Opposing the expansion of a reformed UN Security Council, Pakistan has questioned how adding permanent members will enhance the efficiency of the top world body as it will "usurp" the equal opportunity rights of other nations.
"Pakistan has always stressed expansion of the Council's membership that serves the interest of all member-states. Additional permanent seats will usurp the equal opportunity rights of other member-states of the General Assembly to serve in the Council," Pakistan's Permanent Representative to the UN Maleeha Lodhi said at the Inter-Governmental Negotiations (IGN) on Security Council Reform discussions here on June 1.
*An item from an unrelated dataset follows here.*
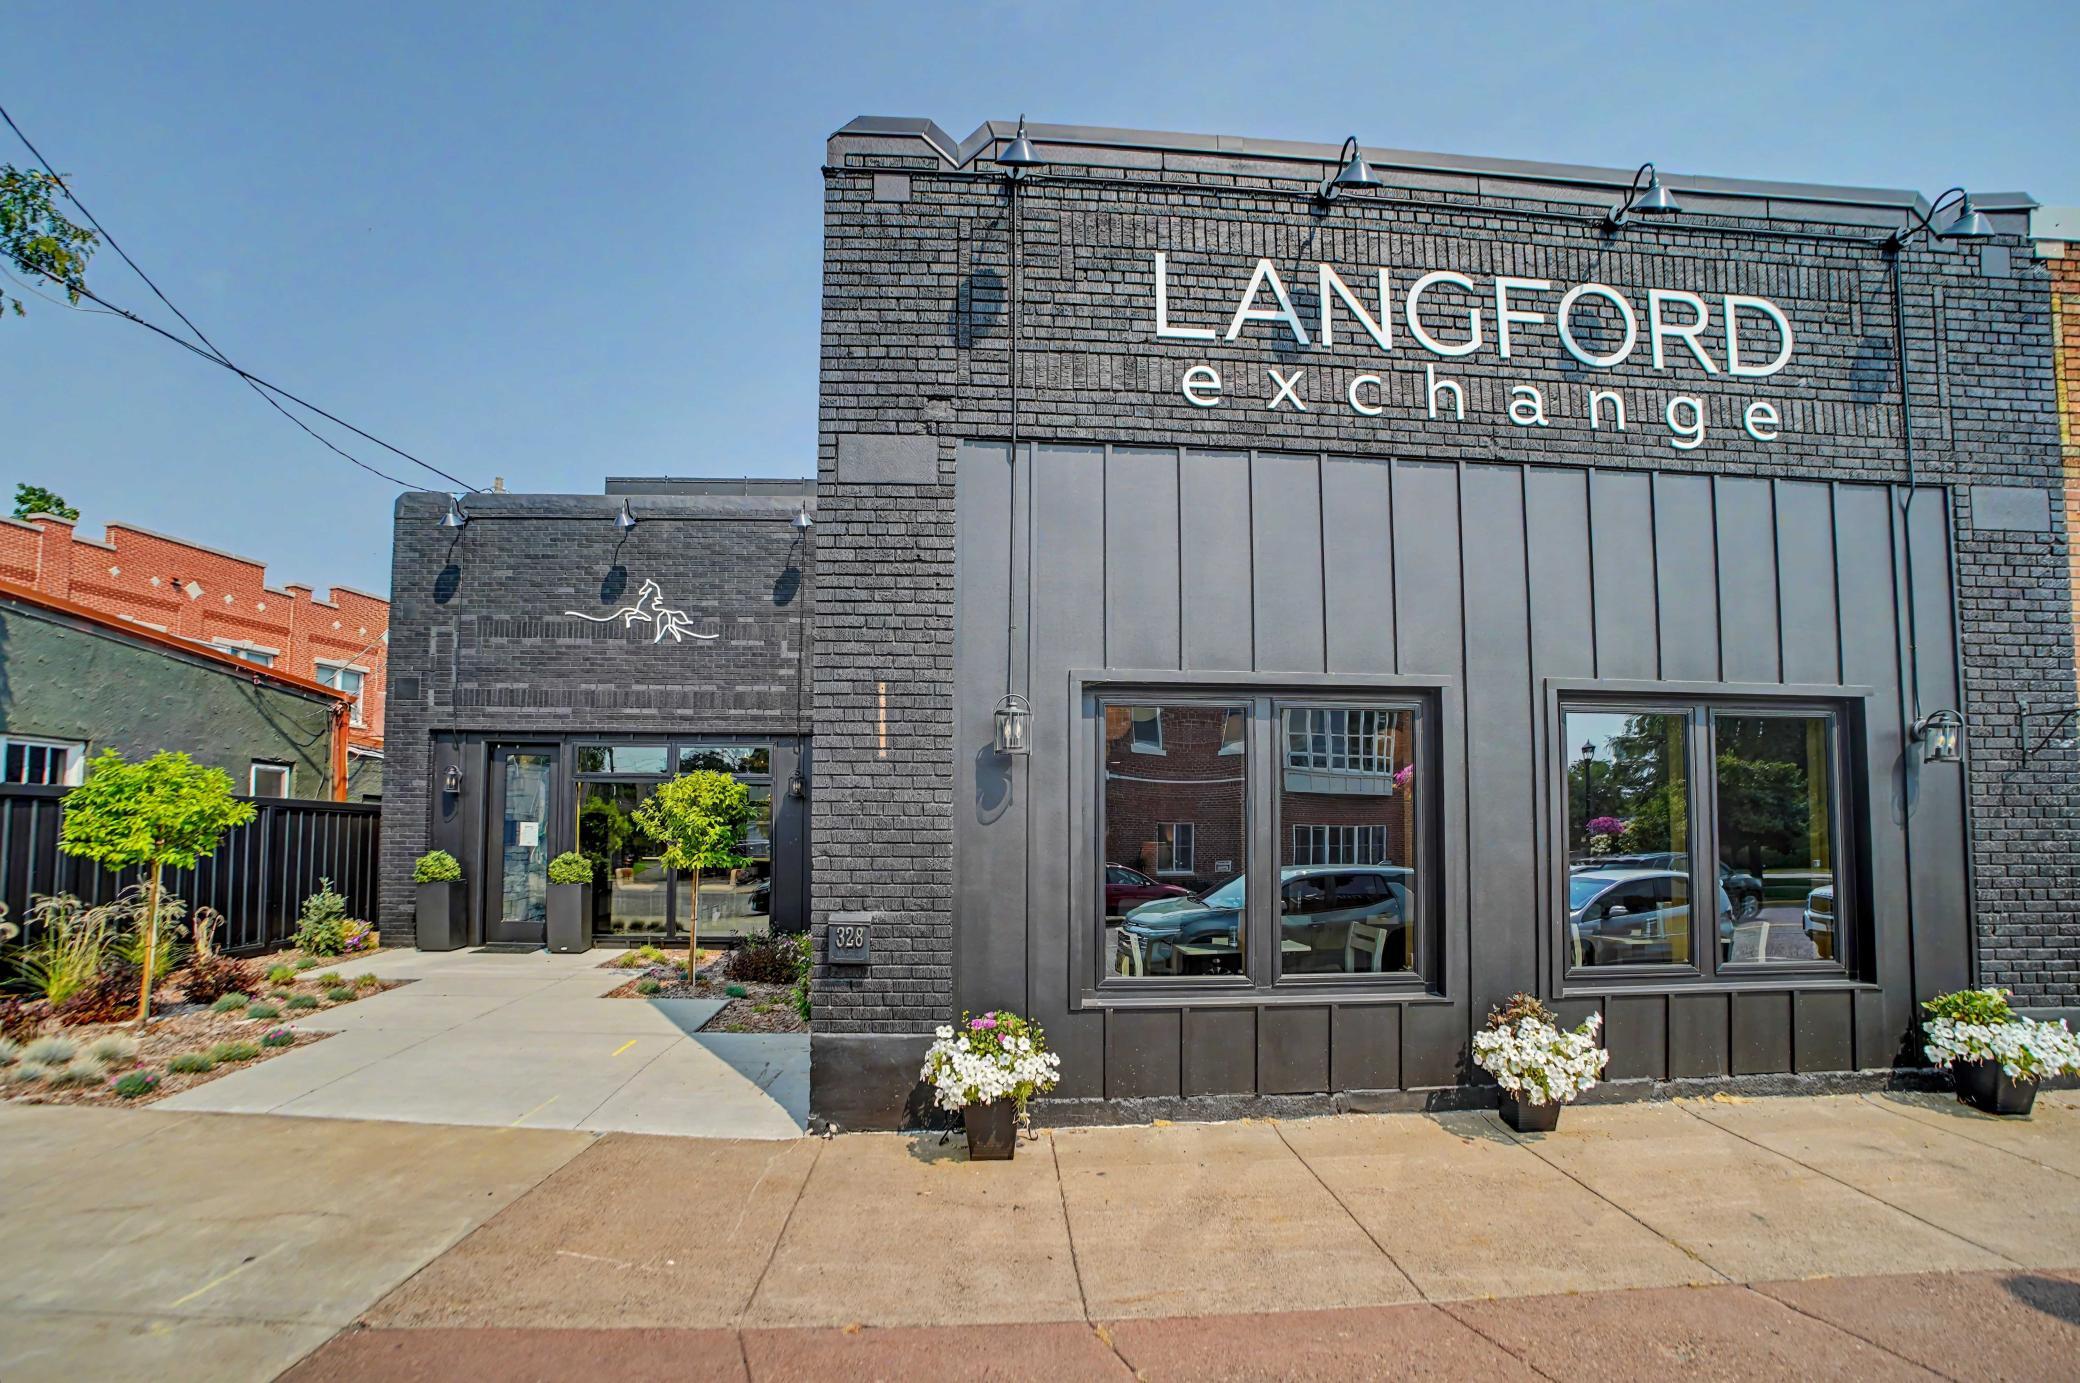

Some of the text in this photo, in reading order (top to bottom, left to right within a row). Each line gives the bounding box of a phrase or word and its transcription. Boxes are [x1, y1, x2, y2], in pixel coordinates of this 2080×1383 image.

[1154, 251, 1793, 377] LANGFORD
[1182, 363, 1780, 450] exchange
[836, 926, 864, 948] 328
"How can justice, fair play, transparency and accountability be promoted by such an unfair expansion of the Council," Lodhi said.
Also Read
India, along with the G4 nations of Brazil, Germany and Japan, has stressed that the problem of "imbalance of influence" in the Council cannot be corrected if only non-permanent members are added to the powerful UN body as part of its reform and expansion in both categories is essential to achieving equilibrium that reflects current global realities.
India's Permanent Representative to the UNSyed Akbaruddin has said that expansion in both categories particularly in the permanent category is essential to reform the Security Council and make it democratic, legitimate, representative, responsive and effective.
Lodhi said all member-states need to participate in and be informed about the Security Council's work.
"Member-states do not view the Council as the preserve of a few ostensibly powerful states," she said.
Lodhi added that while the size of the Council needs to be balanced with the Council's representativeness and its effectiveness, she questioned the concept of "representativeness" in the permanent category.
"To date, we have not heard any cogent, much less persuasive answer to this question. How can additional permanent members, with or without veto, enhance the efficiency and effectiveness of the Council," she said.
She said the size of the Council can not be a good starting point for convergence.
"We cannot possibly decide the size of the Council before the need, merit and nature of each additional seat is agreed on. We will examine how every seat in the Council will add to the Council's democratic and representative credentials, its accountability, transparency, efficiency and effectiveness," she added.
(Reopens FGN 33)
Lodhi said the memberships' stress on ensuring
participation of all Council's members in the Council's work relates to a particular manner in which the P-5 (China, France, Russia, the UK and the US) tend to conduct business.
"How then can additional permanent members ensure participation of non-permanent members. In fact, if 45 per cent of the Council comprised of permanent members, as some have proposed, the non-permanent seats would become completely inconsequential," she said.
"Over the years, the Council is indebted to its non-permanent members for gradual improvement in its working methods. It is therefore safe to assume that more such members will further improve its working methods," she said.